L’OTAN à Riga : la sécurité est omniprésente

Par Liza Belozerova | 29 novembre 2006

Pour citer cet article : Liza Belozerova, “L’OTAN à Riga : la sécurité est omniprésente”, Nouvelle Europe [en ligne], Mercredi 29 novembre 2006, http://www.nouvelle-europe.eu/node/62, consulté le 15 décembre 2018
riga_sommet Les transports publics ne fonctionnent pas, les magasins sont fermés, le centre-ville quadrillé et interdit au public ; ceux qui habitent les zones rouges sont munis de badges d’entrée pour accéder à leur domicile. Une ligne téléphonique gratuite est ouverte pour consulter les horaires d’accès à certains quartiers. Les rues sont désertes ; il n’y que des policiers, des militaires, armées jusqu’aux dents et des hélicoptères qui patrouillent la ville. On se croirait sur le tournage de «1984 » de George Orwell, mais on est à Riga où se tient le sommet de l’OTAN le 28 et 29 Novembre.
  
Un moment historique, d’une importance particulière : c’est la première fois qu’un rassemblement de si haut niveau a lieu sur le territoire de l’ex-URSS. Riga a été choisie pour accueillir le sommet de l’OTAN 2006. La Lettonie est à la fois émue et fière de la confiance qu’on lui a accordée. Selon le quotidien letton « Diena », ce choix met en évidence les changements dans l’attitude envers les pays de l’Est ainsi qu la réputation plutôt positive que la présidente Vaira-Vike Freiberga, le visage emblématique du pays, a acquise sur la scène politique mondiale.   Le point principal à l’ordre du jour est l’Afghanistan. Il sera aussi question de Darfour, de l’Iran, de la Corée de Nord et la sécurité énergétique. Les Etats-Unis cherchent à faire part à leurs partenaires transatlantiques des enjeux en Afghanistan, en soulignant l’importance de la coopération militaire et d’une façon plus large des réformes démocratiques à travers le monde.
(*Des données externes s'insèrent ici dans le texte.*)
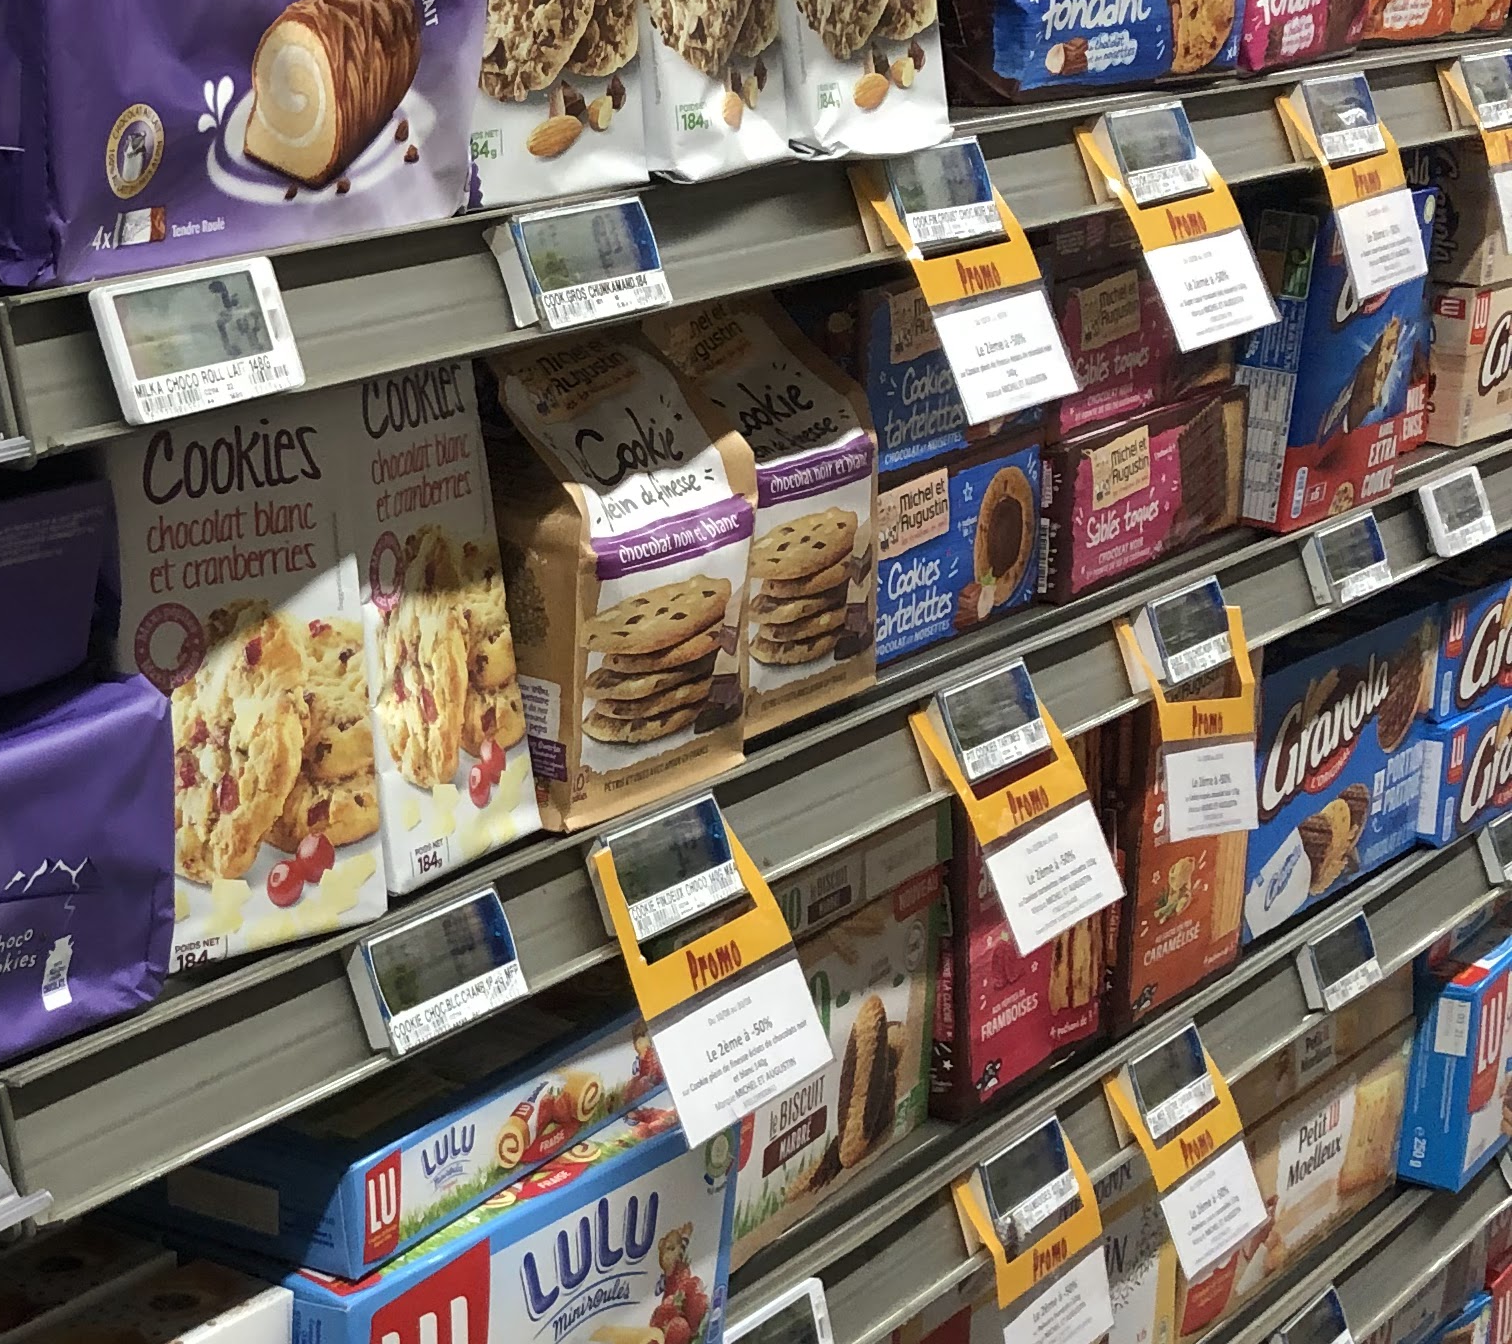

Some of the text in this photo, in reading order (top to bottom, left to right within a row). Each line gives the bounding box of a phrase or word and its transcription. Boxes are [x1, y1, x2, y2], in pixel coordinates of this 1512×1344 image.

[91, 225, 112, 251] 4x
[955, 257, 1002, 295] Promo
[134, 367, 226, 398] MILKA CHOCO ROLL
[361, 361, 465, 440] Cookies
[142, 418, 323, 506] Cookies
[575, 406, 684, 488] Cookie
[1111, 455, 1150, 486] Augustin
[770, 469, 812, 493] chocolat
[899, 483, 934, 511] Michel
[146, 506, 251, 555] chocolat
[254, 499, 318, 535] blanc
[619, 512, 741, 565] chocolat blanc
[900, 497, 949, 534] Augustin
[149, 541, 318, 594] et cranberries
[888, 556, 942, 601] Cookies
[1261, 651, 1391, 813] Granola
[1007, 784, 1049, 825] Promo
[686, 939, 743, 992] Promo
[1142, 921, 1202, 967] CARAMÉLISÉ
[393, 1013, 424, 1039] COOKIE
[980, 992, 1040, 1042] FRAMBOISES
[705, 1034, 743, 1064] Le 2ème
[778, 1074, 827, 1133] BISCUIT
[420, 1122, 476, 1176] LULU
[538, 1127, 567, 1154] FRAISE
[1298, 1115, 1327, 1153] Petit
[1286, 1133, 1344, 1191] Moelleux
[367, 1165, 398, 1233] LU
[520, 1191, 659, 1323] LULU
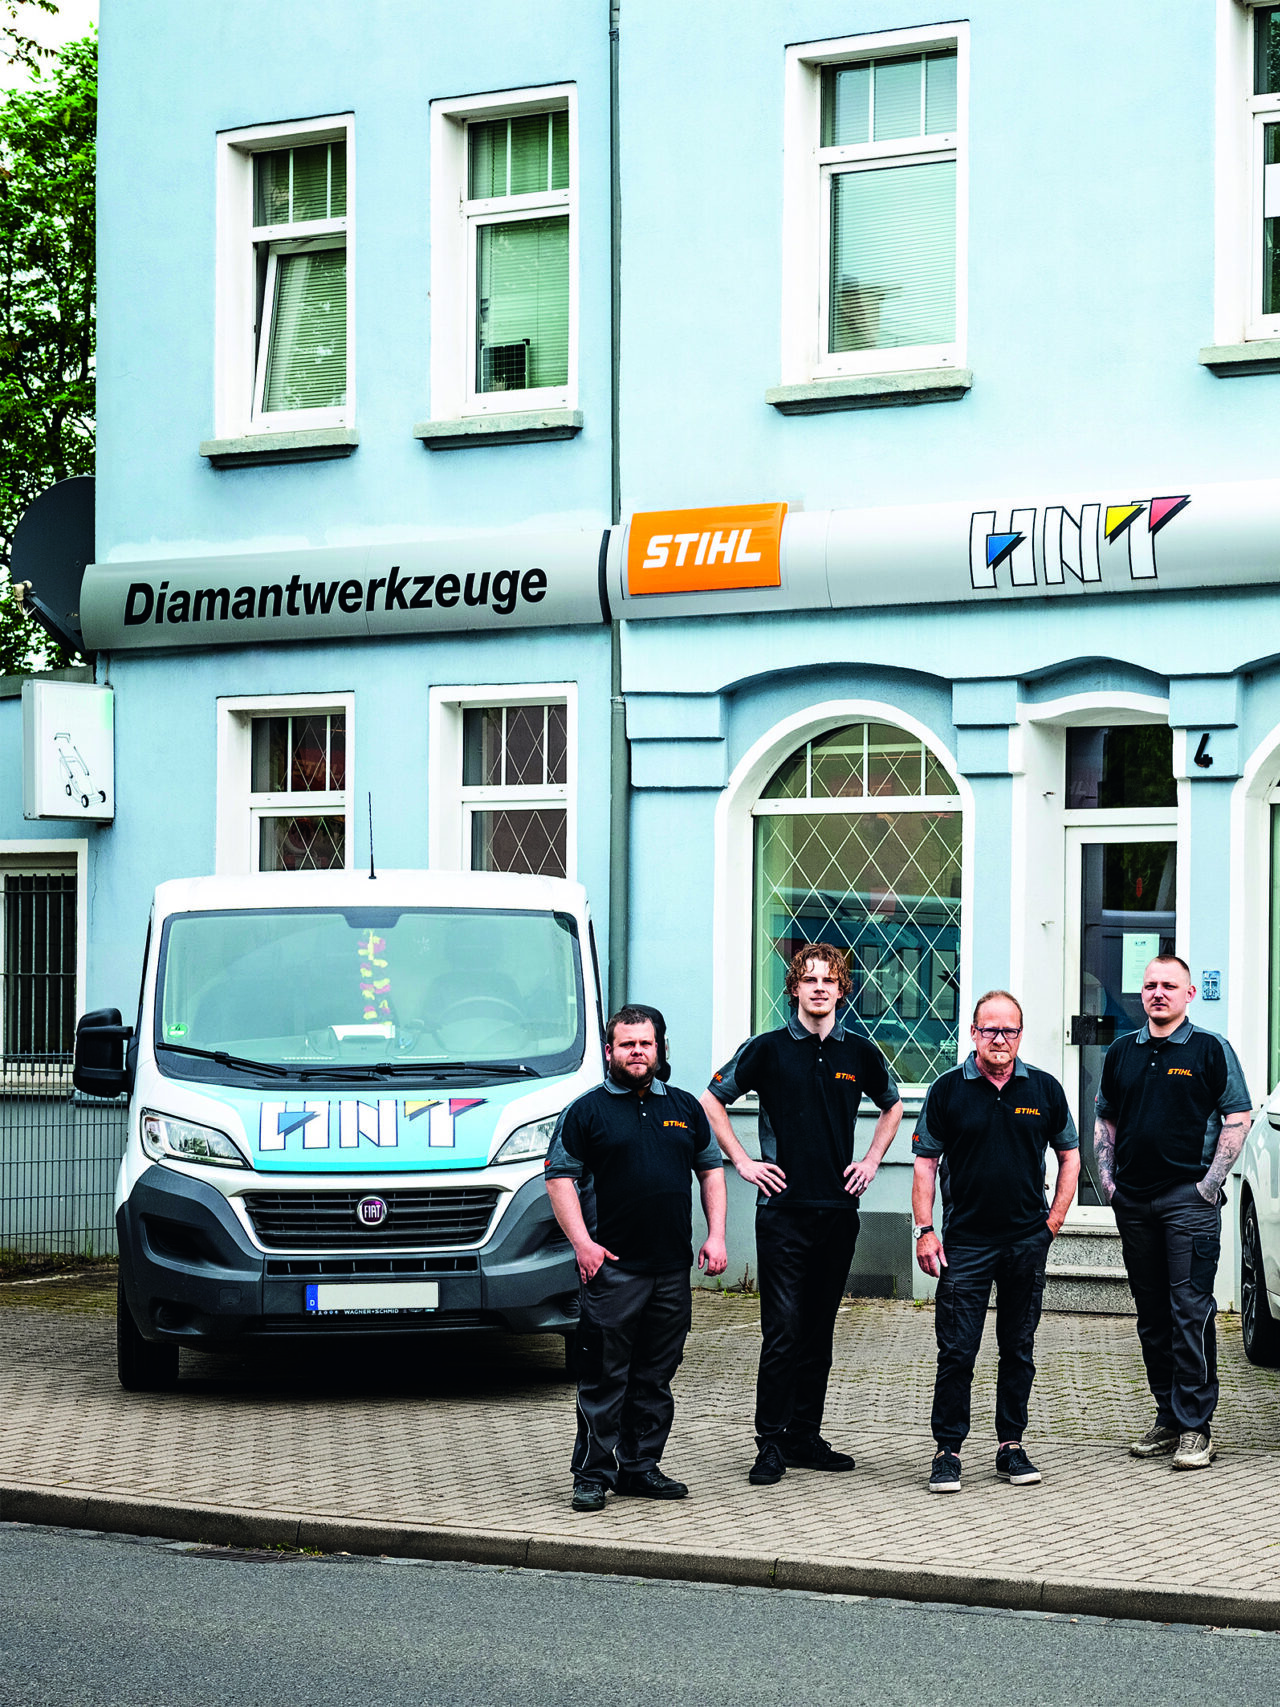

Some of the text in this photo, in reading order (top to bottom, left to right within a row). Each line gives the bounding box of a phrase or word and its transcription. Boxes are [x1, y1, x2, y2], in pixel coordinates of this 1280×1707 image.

[969, 494, 1192, 589] HNT
[642, 528, 762, 569] STIHL
[123, 565, 549, 626] Diamantwerkzeuge
[834, 1072, 856, 1082] STIHL
[1167, 1068, 1193, 1077] STIHL
[1014, 1107, 1041, 1116] STIHL
[662, 1120, 688, 1129] STIHL
[363, 1204, 381, 1219] FIAT
[309, 1299, 316, 1307] D
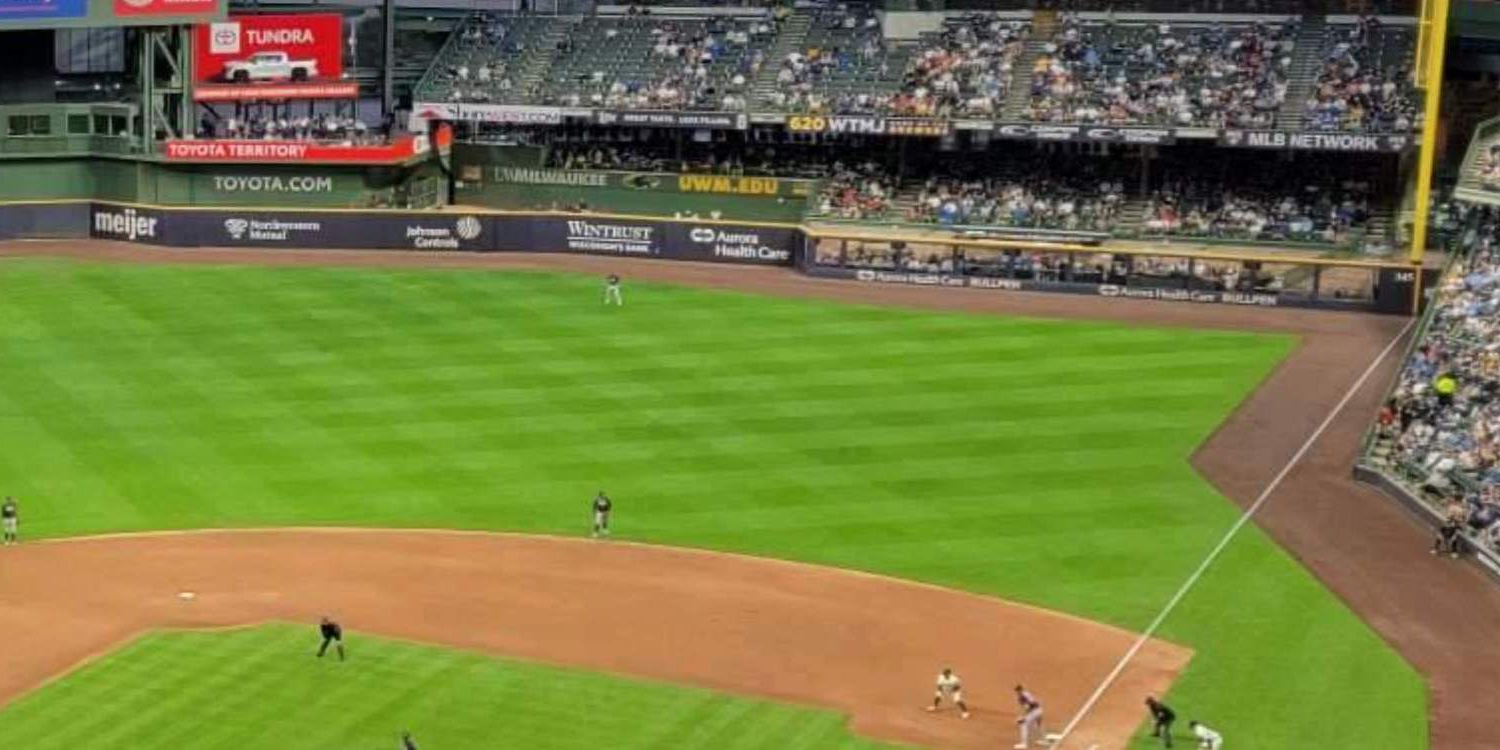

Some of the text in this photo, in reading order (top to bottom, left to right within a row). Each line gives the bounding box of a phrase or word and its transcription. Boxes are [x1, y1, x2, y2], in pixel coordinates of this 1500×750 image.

En revanche, l’élargissement de l’OTAN  ne figure pas parmi les thèmes abordés.  Les normes de sécurité exorbitantes déployées à Riga expliquent peut être le peu de la médiatisation du sommet et donnent à réfléchir sur la sécurité dans le monde au 21ième siècle.
Ce somment fait aussi beaucoup de bruit en Russie où les médias soupçonnent Freiberga, candidate malheureuse au poste de secrétaire générale de l'ONU, de briguer le poste de secrétaire générale de l'OTAN. Imaginons le séisme en Russie de voir la présidente d'un ancien membre du Pacte de Varsovie aux commandes de l'OTAN!